Estaban poniendo una canción de Tortuga: «You Ain’t Hittin». Era una de las cosas que más disfrutaba en el mundo: sostener un cigarrillo imaginario entre los labios y lanzar una nube de humo blanco hacia el techo. El cuarto seguía todo revuelto y los cajones aún estaban medio abiertos y vacíos porque su madre había tirado todas sus cosas creyendo que las había robado. Aquello sí que había sido un robo: le habían robado todo a ella. Tortuga, que había crecido en la calle, seguro que la comprendería. Por encima de aquella voz suave y enfadada podía escucharse el zumbido de la débil meada de su padre, algo que jamás se oía en la casa anterior. Le daba vergüenza escucharlo, aunque por otra parte su padre siempre le daba vergüenza. También le daban vergüenza su madre, el colegio, el embarcadero, su ropa, su propia voz en el teléfono, el color naranja, la televisión, la música antigua, los entrenadores, la comida extravagante, ser judía, los vaqueros, las horquillas en los peinados de las viejas, el sudor, los niños, los jerséis largos y todo lo demás, todo excepto las seis canciones del álbum Tortuga. Se puso de pie para mirar el agua y el puente. Ya se veía gente buceando. Gwen iba a tener que crecer, levantarse todos los días y conducir hasta alguna oficina. En cualquier momento iban a empezar a meterse con ella y una vez que aquello arrancara, no se iba a parar jamás.

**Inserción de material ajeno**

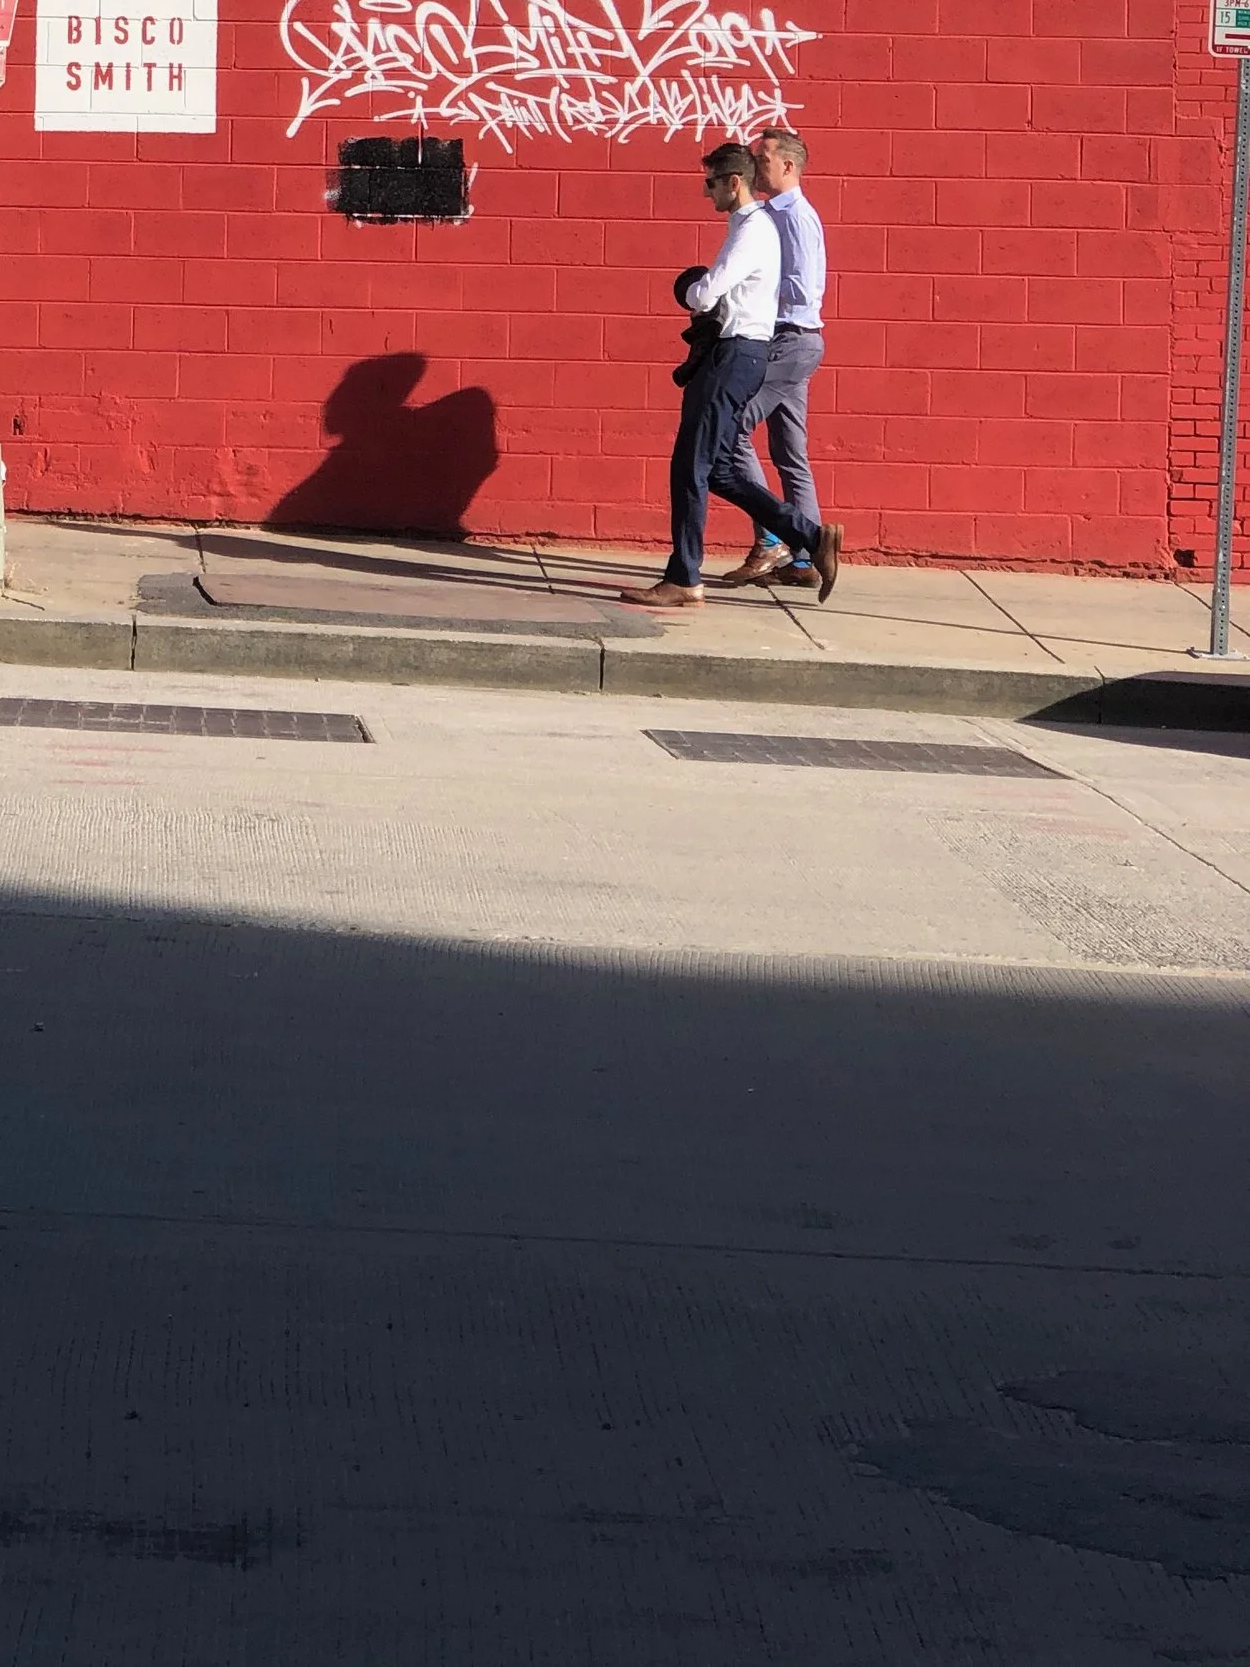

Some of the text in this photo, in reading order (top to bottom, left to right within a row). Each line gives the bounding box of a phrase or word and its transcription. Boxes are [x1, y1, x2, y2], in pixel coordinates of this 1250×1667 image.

[67, 15, 184, 45] BISCO
[1220, 11, 1231, 24] 15
[66, 62, 184, 92] SMITH

Se lavó los restos de tinta que le quedaban en la mano en su nuevo baño y vio cómo se alejaba por el desagüe para manchar el océano. Del otro lado de la pared en la que estaba colgado el espejo de su baño lo estaba también el espejo del baño de su padre, de manera que era como si la estuviera mirando directamente a través del espejo con su pelo enmarañado y su mal aliento. Gwen siempre iba hecha un desastre porque tenía que cambiarse para ir al colegio en el vestuario de la piscina. Estaba cansada de ser una «Marioneta».
Su padre estaba preparando las tostadas, como siempre. Gwen sintió el cansancio de tener que esperar una eternidad para que alguien terminara una tarea tan sencilla y doméstica, decir «gracias» y poder seguir con su vida.
—¿Sigo sin poder salir?
—Te dijimos que no podías salir porque has robado —dijo, para variar, su madre—. Te espera un castigo y mientras tanto por supuesto que no puedes salir.
—Excepto para ir a la piscina —dijo su padre con la intención de animarla. La parte de arriba del bañador de su padre asomaba por la cintura de sus amplios y pálidos vaqueros. Gwen le había escuchado decir a unas personas en cierta ocasión que nadaban juntos porque así se obtenían mejores resultados—. ¿Crees que el pequeño Glasserman será más rápido hoy? ¿Cómo se llama?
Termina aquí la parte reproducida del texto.